» **Records shown**:
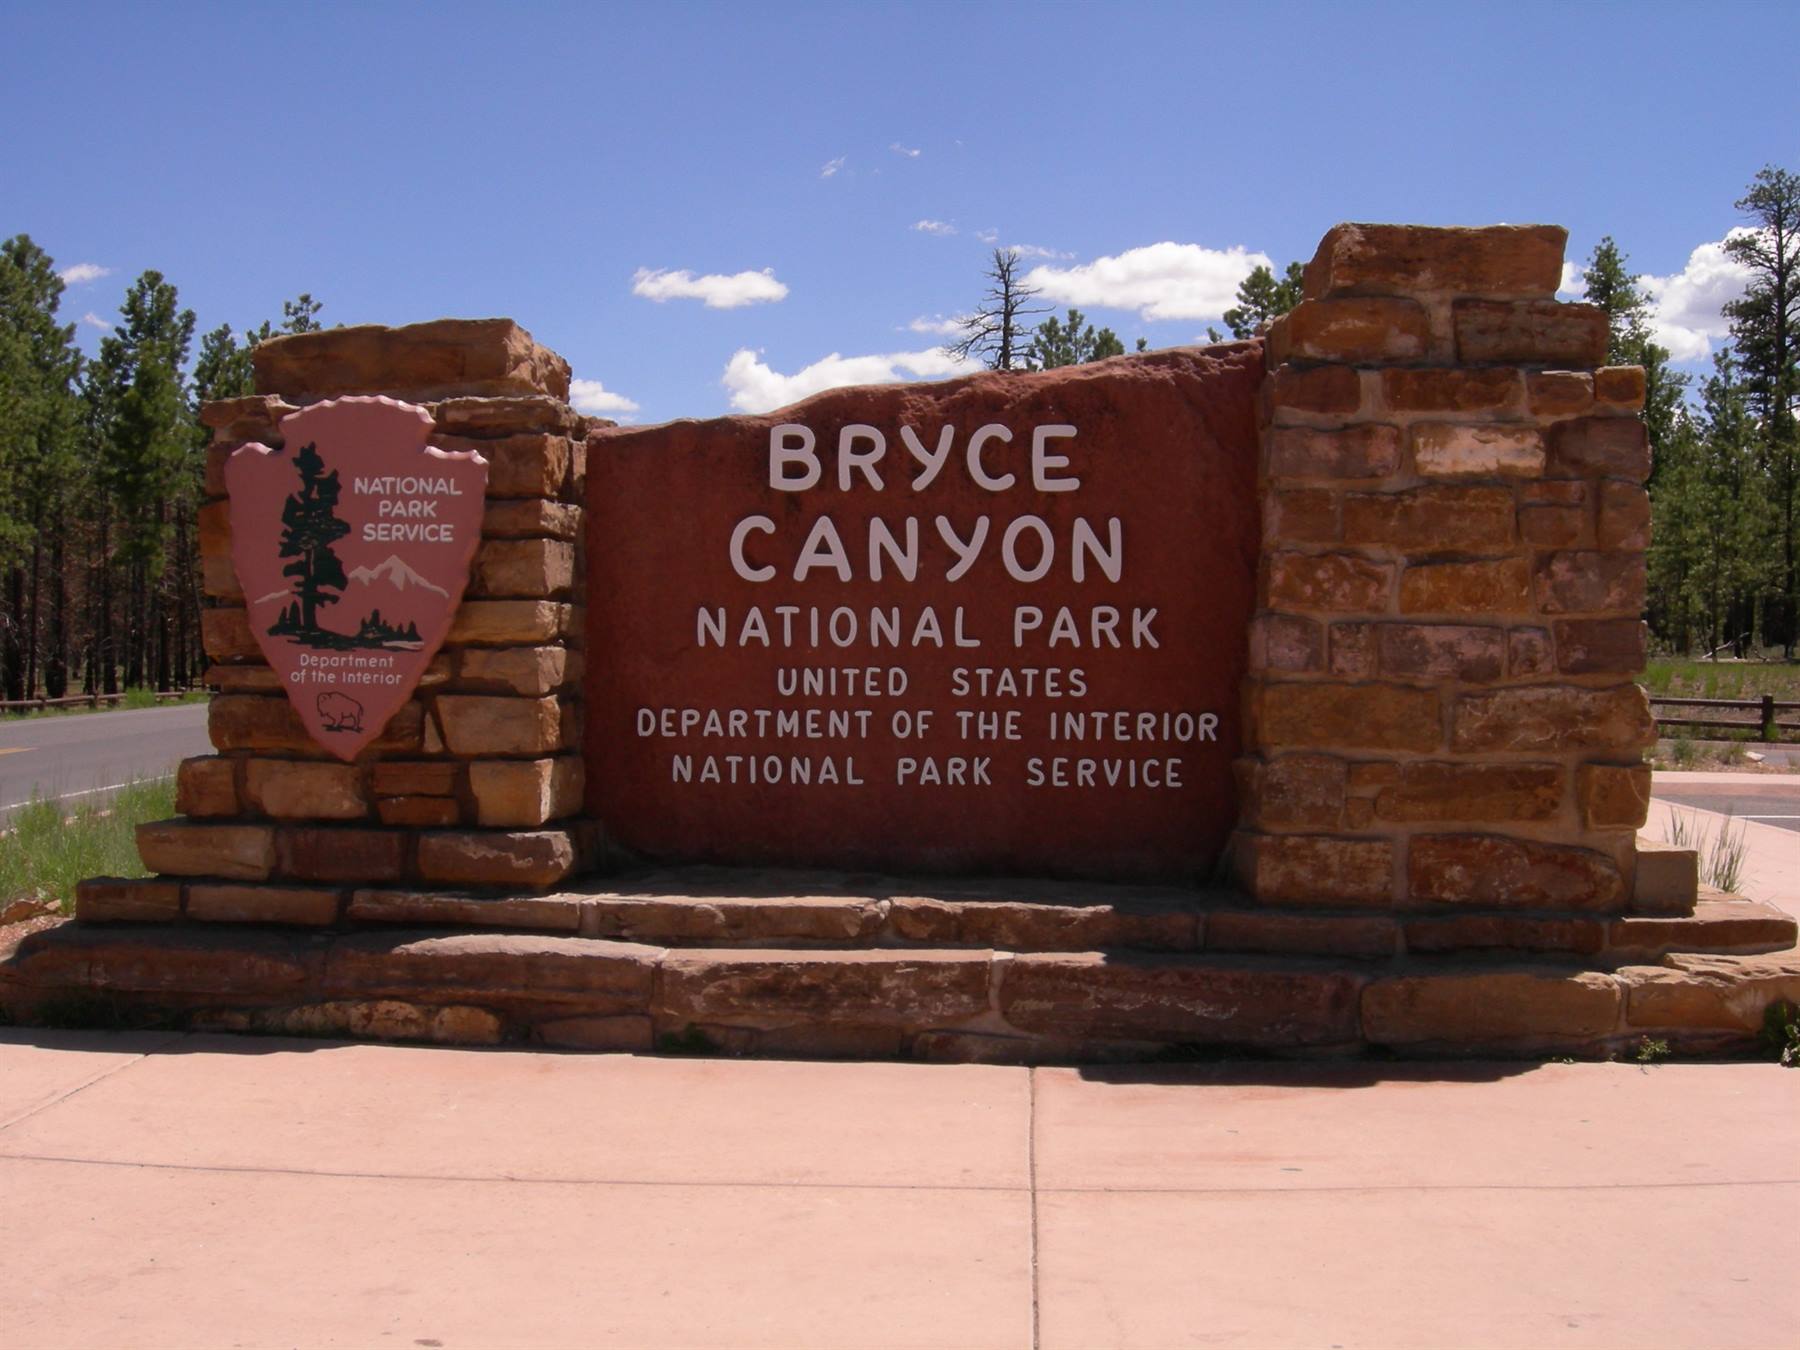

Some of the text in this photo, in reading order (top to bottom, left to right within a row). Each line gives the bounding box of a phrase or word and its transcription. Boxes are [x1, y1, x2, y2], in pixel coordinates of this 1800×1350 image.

[768, 423, 1080, 491] BRYCE
[355, 477, 462, 495] NATIONAL
[379, 500, 437, 517] PARK
[363, 523, 454, 542] SERVICE
[730, 515, 1121, 583] CANYON
[698, 606, 1159, 648] NATIONAL PARK
[300, 653, 394, 668] Department
[290, 669, 403, 685] of the Interior
[778, 667, 1086, 697] UNITED STATES
[638, 709, 1218, 741] DEPARTMENT OF THE INTERIOR
[673, 755, 1182, 787] NATIONAL PARK SERVICE
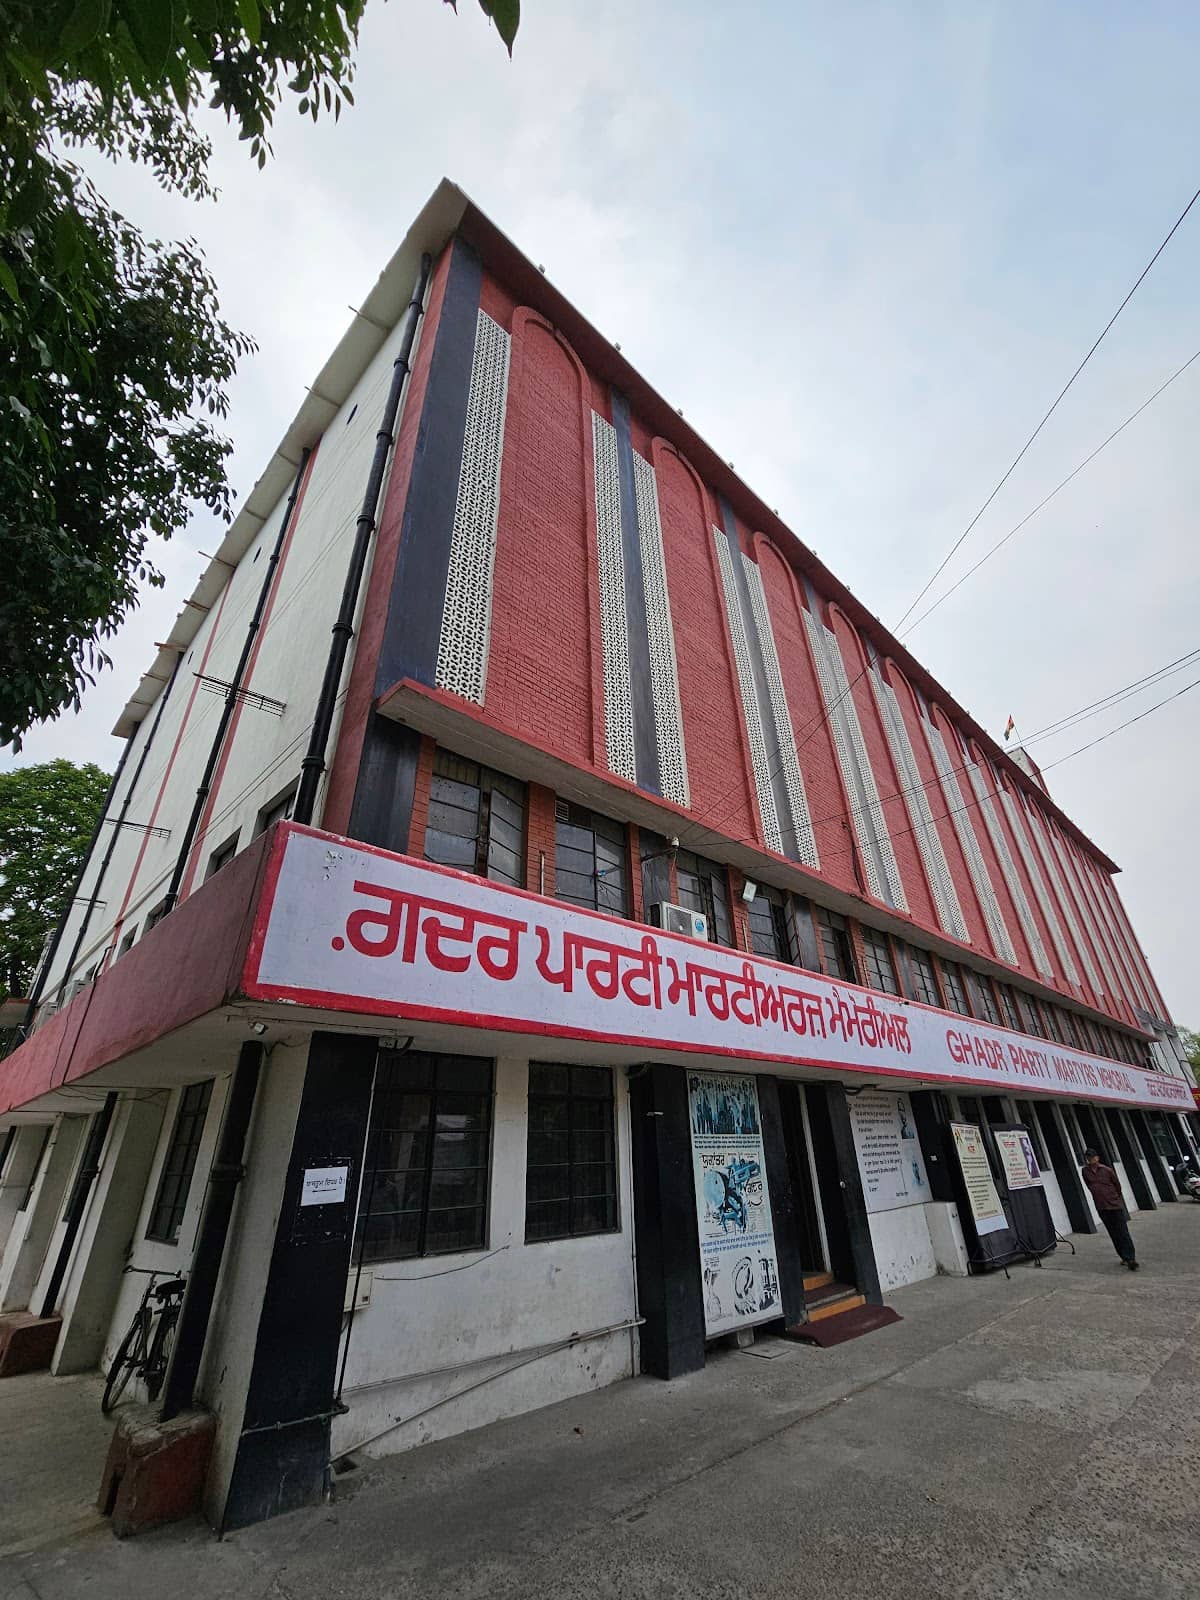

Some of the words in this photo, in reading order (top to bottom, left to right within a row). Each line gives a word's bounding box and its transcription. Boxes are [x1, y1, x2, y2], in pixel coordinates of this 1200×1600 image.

[535, 924, 662, 1010] ਪਾਰਟੀ
[946, 1030, 1009, 1072] GHADR
[1007, 1043, 1052, 1079] PARTY
[1052, 1055, 1098, 1087] MARTYRS

» **Problem statement**:
Set down, exactly as they appear, the line holding "Some of the words" and every line after it until the records end.

» **Result for this task**:
Some of the words in this photo, in reading order (top to bottom, left to right within a row). Each line gives a word's bounding box and its transcription. Boxes are [x1, y1, x2, y2], in pixel coordinates of this 1200×1600 image.

[535, 924, 662, 1010] ਪਾਰਟੀ
[946, 1030, 1009, 1072] GHADR
[1007, 1043, 1052, 1079] PARTY
[1052, 1055, 1098, 1087] MARTYRS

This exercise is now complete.